DIRECTIONS → Scan the material for "Boxes". Copy every line it appears in.

INPUT DATA Block Start

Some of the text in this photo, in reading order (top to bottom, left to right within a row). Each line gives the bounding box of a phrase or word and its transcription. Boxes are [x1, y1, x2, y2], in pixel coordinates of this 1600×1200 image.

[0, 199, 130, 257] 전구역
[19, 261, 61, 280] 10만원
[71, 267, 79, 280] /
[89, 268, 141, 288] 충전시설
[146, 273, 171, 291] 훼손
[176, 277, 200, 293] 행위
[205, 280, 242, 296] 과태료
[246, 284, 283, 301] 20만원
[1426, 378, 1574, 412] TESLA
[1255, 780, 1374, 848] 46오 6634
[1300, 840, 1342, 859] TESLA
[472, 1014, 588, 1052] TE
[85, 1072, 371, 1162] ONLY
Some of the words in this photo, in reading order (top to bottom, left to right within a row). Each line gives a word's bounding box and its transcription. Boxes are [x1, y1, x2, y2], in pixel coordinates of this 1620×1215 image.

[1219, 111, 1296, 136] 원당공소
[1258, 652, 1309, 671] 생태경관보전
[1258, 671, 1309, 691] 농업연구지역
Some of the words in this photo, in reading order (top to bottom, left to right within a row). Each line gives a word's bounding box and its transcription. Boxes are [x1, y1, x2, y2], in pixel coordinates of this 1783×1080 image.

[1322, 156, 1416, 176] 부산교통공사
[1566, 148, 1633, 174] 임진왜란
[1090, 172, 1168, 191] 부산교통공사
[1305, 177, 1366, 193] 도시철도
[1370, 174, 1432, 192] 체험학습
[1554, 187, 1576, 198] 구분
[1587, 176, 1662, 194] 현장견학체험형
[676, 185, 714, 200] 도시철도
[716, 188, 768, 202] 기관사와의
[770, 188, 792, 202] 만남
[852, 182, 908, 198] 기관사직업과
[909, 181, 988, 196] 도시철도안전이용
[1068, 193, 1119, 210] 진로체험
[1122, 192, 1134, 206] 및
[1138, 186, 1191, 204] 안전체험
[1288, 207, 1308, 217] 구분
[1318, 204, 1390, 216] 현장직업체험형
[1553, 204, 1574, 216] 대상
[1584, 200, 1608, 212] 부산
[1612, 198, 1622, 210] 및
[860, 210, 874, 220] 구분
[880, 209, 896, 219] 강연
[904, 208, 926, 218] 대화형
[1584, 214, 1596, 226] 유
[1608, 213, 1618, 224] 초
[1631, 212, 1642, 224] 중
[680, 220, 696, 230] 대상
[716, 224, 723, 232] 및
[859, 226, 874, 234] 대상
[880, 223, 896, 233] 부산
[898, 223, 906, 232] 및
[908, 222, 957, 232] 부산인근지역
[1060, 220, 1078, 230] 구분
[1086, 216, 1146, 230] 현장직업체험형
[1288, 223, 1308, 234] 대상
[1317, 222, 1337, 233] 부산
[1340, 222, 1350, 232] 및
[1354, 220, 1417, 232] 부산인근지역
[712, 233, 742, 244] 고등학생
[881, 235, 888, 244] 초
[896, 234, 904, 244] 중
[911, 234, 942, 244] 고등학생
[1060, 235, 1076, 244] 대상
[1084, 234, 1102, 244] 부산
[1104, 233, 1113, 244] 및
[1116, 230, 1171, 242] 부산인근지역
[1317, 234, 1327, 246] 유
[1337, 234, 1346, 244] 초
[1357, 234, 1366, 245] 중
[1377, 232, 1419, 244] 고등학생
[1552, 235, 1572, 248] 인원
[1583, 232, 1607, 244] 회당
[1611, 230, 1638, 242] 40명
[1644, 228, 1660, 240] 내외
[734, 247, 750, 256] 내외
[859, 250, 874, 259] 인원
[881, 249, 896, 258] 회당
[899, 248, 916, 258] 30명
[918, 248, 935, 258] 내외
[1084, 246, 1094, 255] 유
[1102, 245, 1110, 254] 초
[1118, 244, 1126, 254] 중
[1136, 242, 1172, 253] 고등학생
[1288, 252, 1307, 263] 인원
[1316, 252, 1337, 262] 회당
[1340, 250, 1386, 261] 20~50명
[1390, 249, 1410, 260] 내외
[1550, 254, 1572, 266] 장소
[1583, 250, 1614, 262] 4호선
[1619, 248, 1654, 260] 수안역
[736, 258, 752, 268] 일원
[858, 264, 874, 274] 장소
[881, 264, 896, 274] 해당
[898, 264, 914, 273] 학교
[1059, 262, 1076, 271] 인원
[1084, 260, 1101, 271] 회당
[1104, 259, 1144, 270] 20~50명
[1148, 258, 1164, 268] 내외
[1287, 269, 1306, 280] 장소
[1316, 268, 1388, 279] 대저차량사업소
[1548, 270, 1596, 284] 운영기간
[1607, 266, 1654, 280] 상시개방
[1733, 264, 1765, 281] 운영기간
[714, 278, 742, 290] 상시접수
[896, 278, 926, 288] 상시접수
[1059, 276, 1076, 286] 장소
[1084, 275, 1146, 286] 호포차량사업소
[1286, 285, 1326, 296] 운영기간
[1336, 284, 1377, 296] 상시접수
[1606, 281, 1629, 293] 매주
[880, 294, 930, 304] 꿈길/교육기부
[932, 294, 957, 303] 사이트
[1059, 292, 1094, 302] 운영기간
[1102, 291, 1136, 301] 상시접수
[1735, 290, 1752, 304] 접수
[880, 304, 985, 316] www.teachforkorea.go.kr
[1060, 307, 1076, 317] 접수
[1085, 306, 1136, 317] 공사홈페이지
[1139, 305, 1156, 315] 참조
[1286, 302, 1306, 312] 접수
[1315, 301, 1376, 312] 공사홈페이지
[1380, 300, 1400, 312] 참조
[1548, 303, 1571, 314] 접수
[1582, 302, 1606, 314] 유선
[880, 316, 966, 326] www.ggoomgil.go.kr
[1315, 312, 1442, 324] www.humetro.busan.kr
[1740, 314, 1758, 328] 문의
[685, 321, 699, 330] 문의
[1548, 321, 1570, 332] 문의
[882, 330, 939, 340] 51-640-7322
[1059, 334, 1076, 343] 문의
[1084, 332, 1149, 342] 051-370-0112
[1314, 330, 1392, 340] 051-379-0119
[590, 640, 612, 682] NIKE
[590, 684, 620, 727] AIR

INPUT DATA Block End

EXPECTED ANSWER →
Some of the text in this photo, in reading order (top to bottom, left to right within a row). Each line gives the bounding box of a phrase or word and its transcription. Boxes are [x1, y1, x2, y2], in pixel coordinates of this 1600×1200 image.
Some of the words in this photo, in reading order (top to bottom, left to right within a row). Each line gives a word's bounding box and its transcription. Boxes are [x1, y1, x2, y2], in pixel coordinates of this 1620×1215 image.
Some of the words in this photo, in reading order (top to bottom, left to right within a row). Each line gives a word's bounding box and its transcription. Boxes are [x1, y1, x2, y2], in pixel coordinates of this 1783×1080 image.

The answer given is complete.